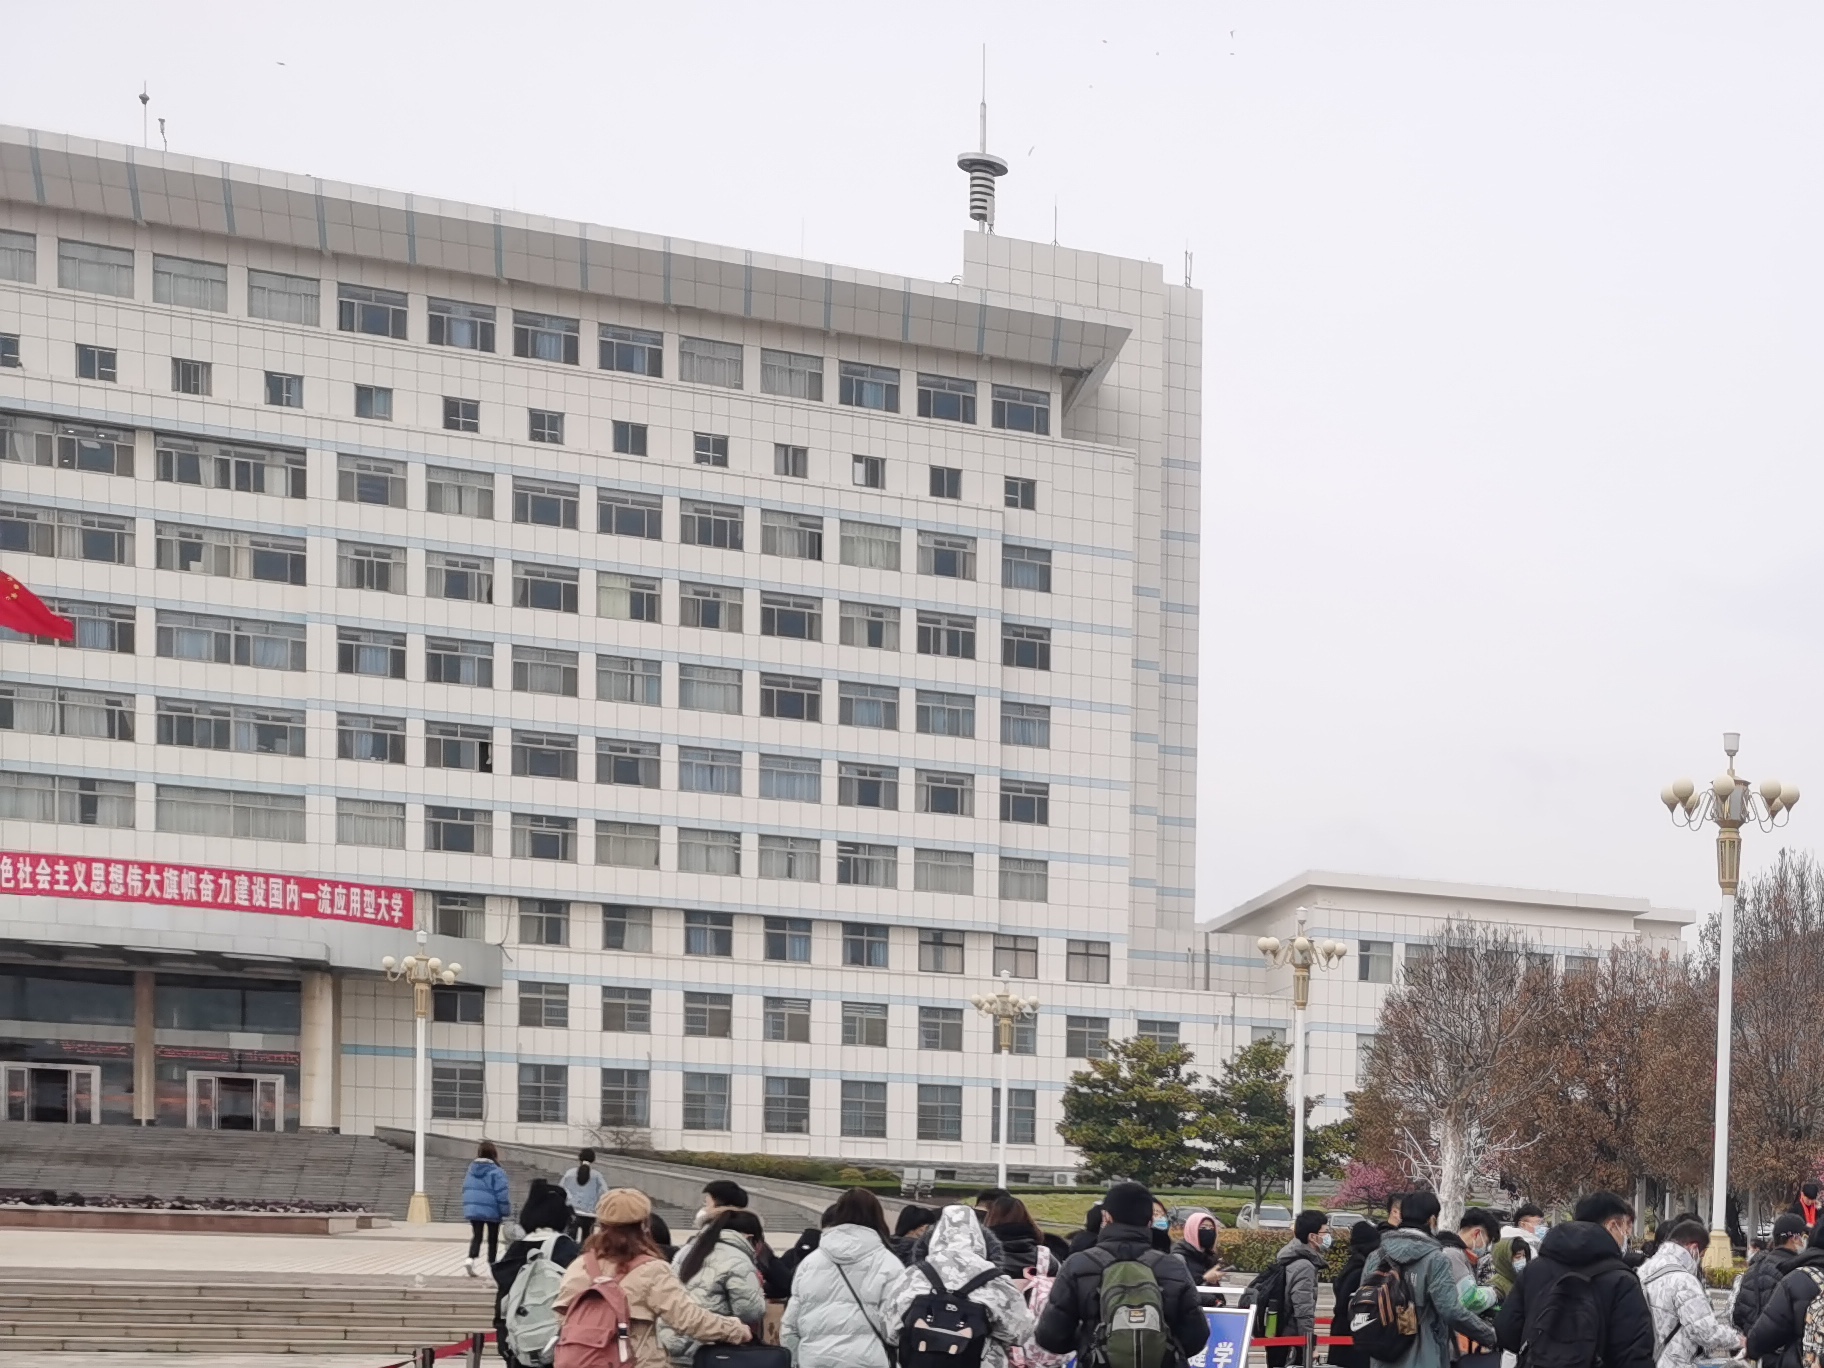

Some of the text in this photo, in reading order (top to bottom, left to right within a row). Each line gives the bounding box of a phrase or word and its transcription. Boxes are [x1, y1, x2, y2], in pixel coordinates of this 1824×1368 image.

[0, 855, 404, 924] 色社会主义思想伟大旗帜奋力建设国内一流应用型大学
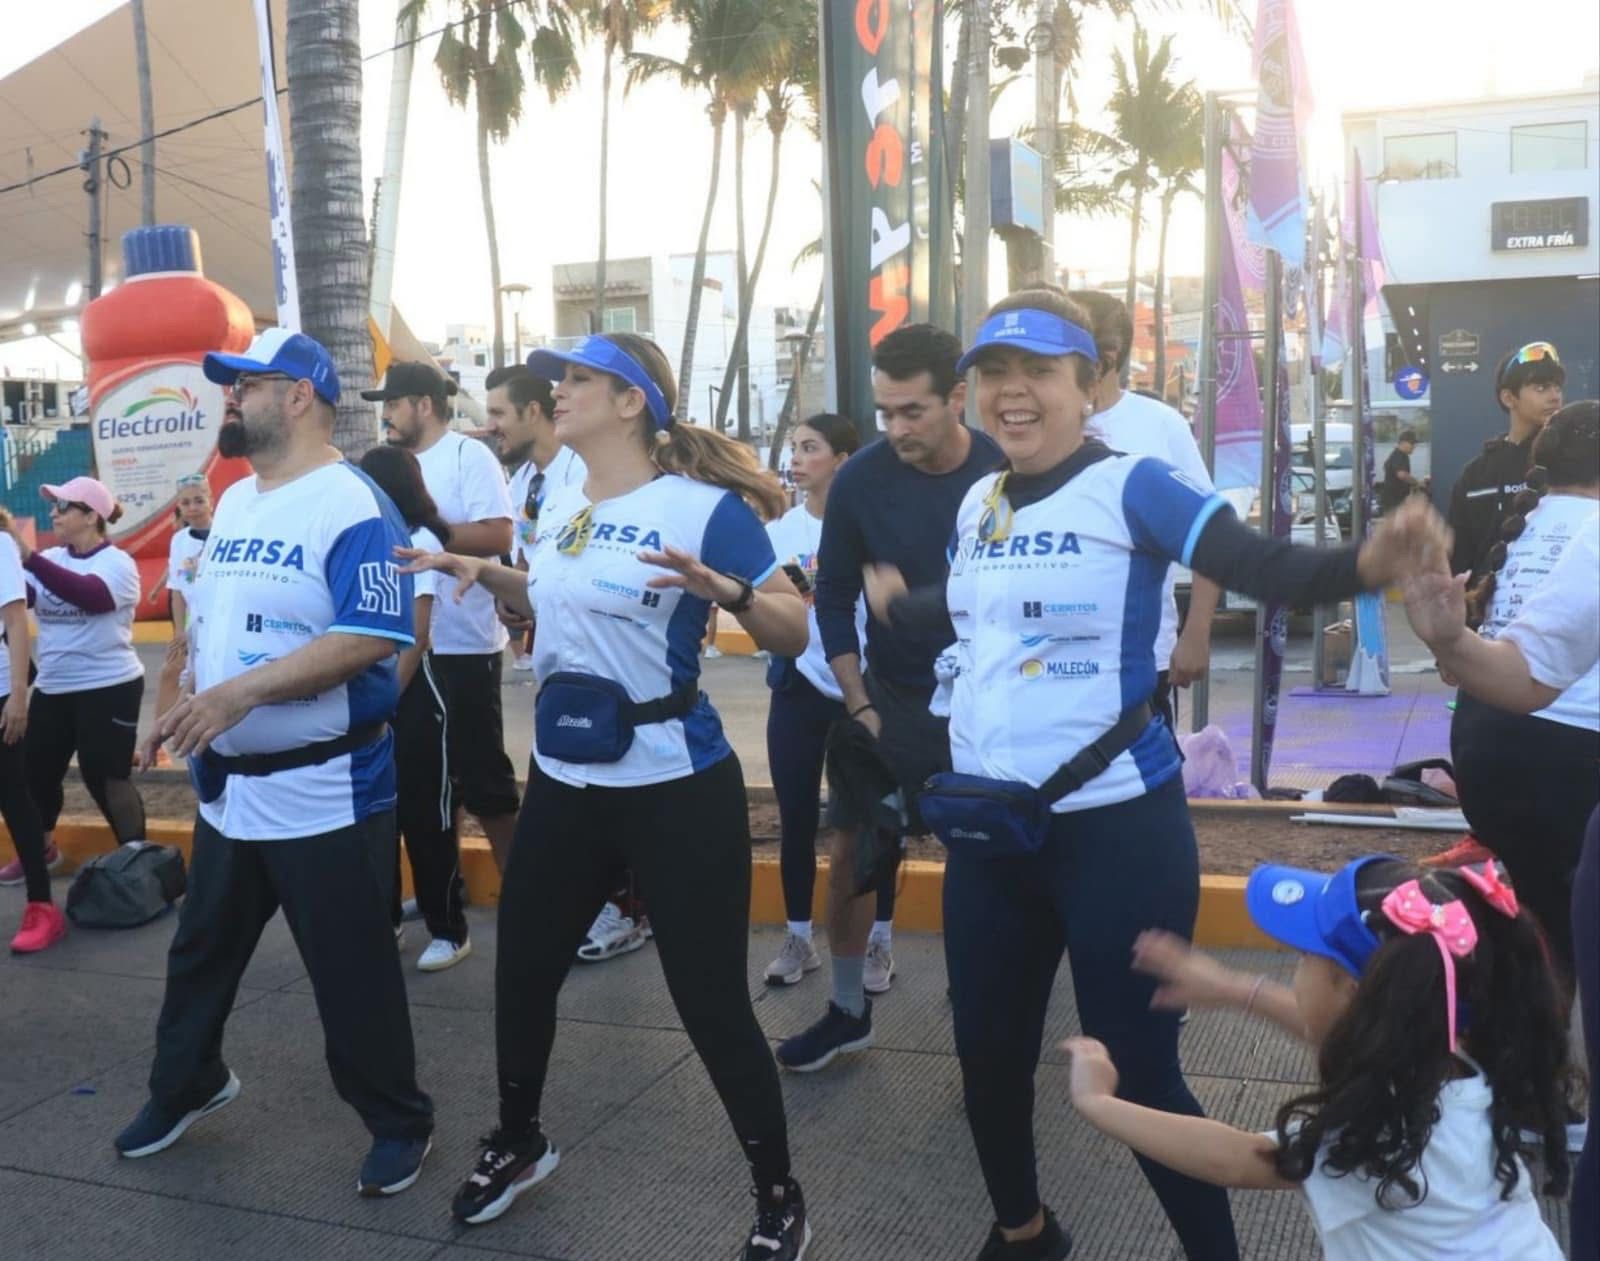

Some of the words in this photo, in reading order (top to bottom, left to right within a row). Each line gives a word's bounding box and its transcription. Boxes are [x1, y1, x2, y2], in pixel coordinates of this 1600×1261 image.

[1506, 235, 1544, 248] EXTRA
[1547, 231, 1574, 247] FRÍA
[98, 410, 207, 440] Electrolit
[211, 538, 304, 571] HERSA
[970, 531, 1082, 561] HERSA
[591, 578, 641, 598] CERRITOS
[1043, 603, 1099, 613] CERRITOS
[1047, 659, 1100, 675] MALECÓN

-------

— WHAT THIS TASK INVOLVES —
The records above are to be restated exactly, with all pictures omitted.

— TASK ANSWER —
Some of the text in this photo, in reading order (top to bottom, left to right within a row). Each line gives the bounding box of a phrase or word and its transcription. Boxes are [x1, y1, x2, y2], in pixel coordinates of this 1824×1368 image.

[0, 855, 404, 924] 色社会主义思想伟大旗帜奋力建设国内一流应用型大学

Some of the words in this photo, in reading order (top to bottom, left to right within a row). Each line gives a word's bounding box and its transcription. Boxes are [x1, y1, x2, y2], in pixel coordinates of this 1600×1261 image.

[1506, 235, 1544, 248] EXTRA
[1547, 231, 1574, 247] FRÍA
[98, 410, 207, 440] Electrolit
[211, 538, 304, 571] HERSA
[970, 531, 1082, 561] HERSA
[591, 578, 641, 598] CERRITOS
[1043, 603, 1099, 613] CERRITOS
[1047, 659, 1100, 675] MALECÓN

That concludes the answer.